Canada is not prepared for a major quake, new study warns
A new scientific study on the impacts of a major earthquake leaves no doubt that Canadians and the country as a whole are not prepared to handle a major earthquake, which could happen at any time.
The photo simulation (above) depicts damage to a bridge just east of Quebec City that, according to the study, could be expected as a result of a 7.1-magnitude quake in the region.
The study, commissioned by Insurance Bureau of Canada, estimates costs as a result of a large quake in the Quebec City-Montreal-Ottawa corridor at almost $61 billion. The study also models a 9.0-magnitude quake in British Columbia; in that scenario, overall costs are estimated at almost $75 billion.

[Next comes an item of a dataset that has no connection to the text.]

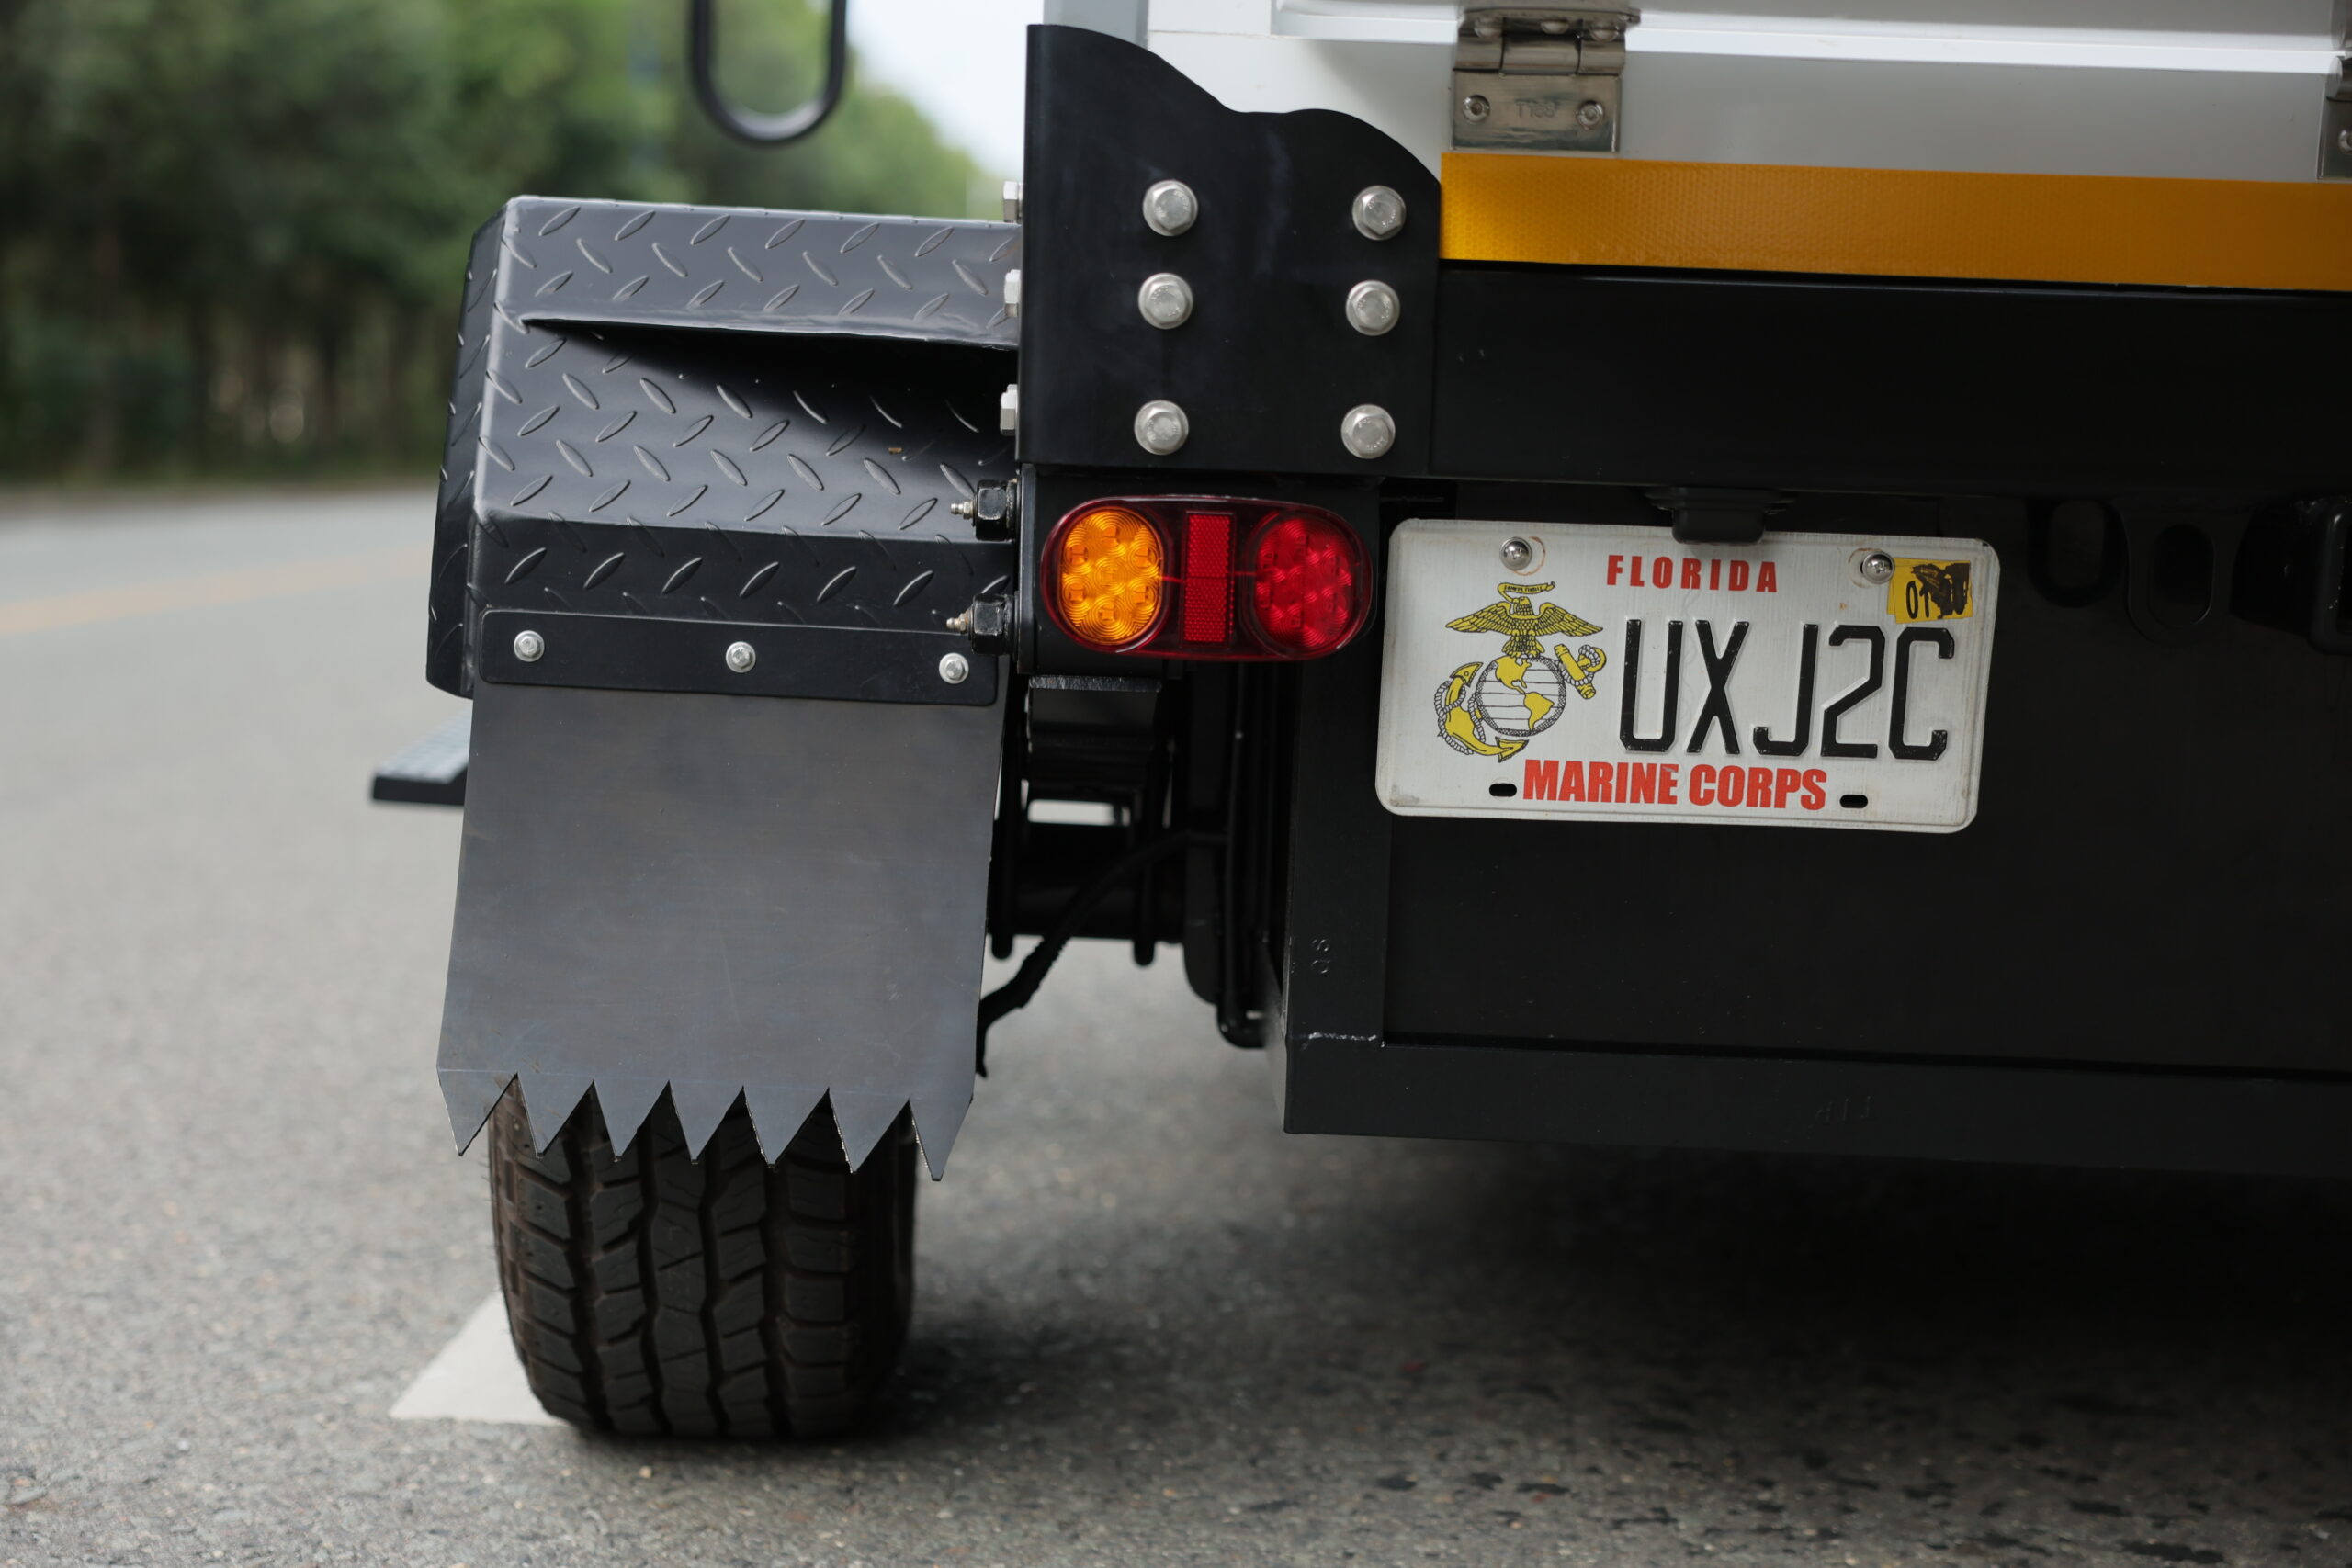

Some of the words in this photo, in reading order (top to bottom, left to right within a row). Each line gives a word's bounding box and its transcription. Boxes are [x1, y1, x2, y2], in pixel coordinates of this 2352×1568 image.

[1607, 555, 1778, 592] FLORIDA
[1619, 618, 1955, 761] UXJ2C
[1522, 759, 1679, 805] MARINE
[1689, 764, 1827, 811] CORPS

The study quantifies the amount of damage we can expect and demonstrates that a major quake would have a significant economic impact regionally as well as a domino effect on the entire Canadian economy.
The first major Canadian research of its kind in 20 years, the study was commissioned by IBC and conducted by AIR Worldwide, global experts in catastrophe modeling. The study is a peer-reviewed analysis of the impact of two major seismic events in:
- British Columbia
- Quebec City-Montreal-Ottawa corridor
Although the two seismic zones studied cover only a small fraction of Canada’s area, 40% of Canadians live within them.
The findings will help raise awareness and will serve as a valuable tool for governments, regulators, disaster preparedness organizations, the banking community, the insurance industry, and the public in planning for, and mitigating the risk of earthquakes in Canada.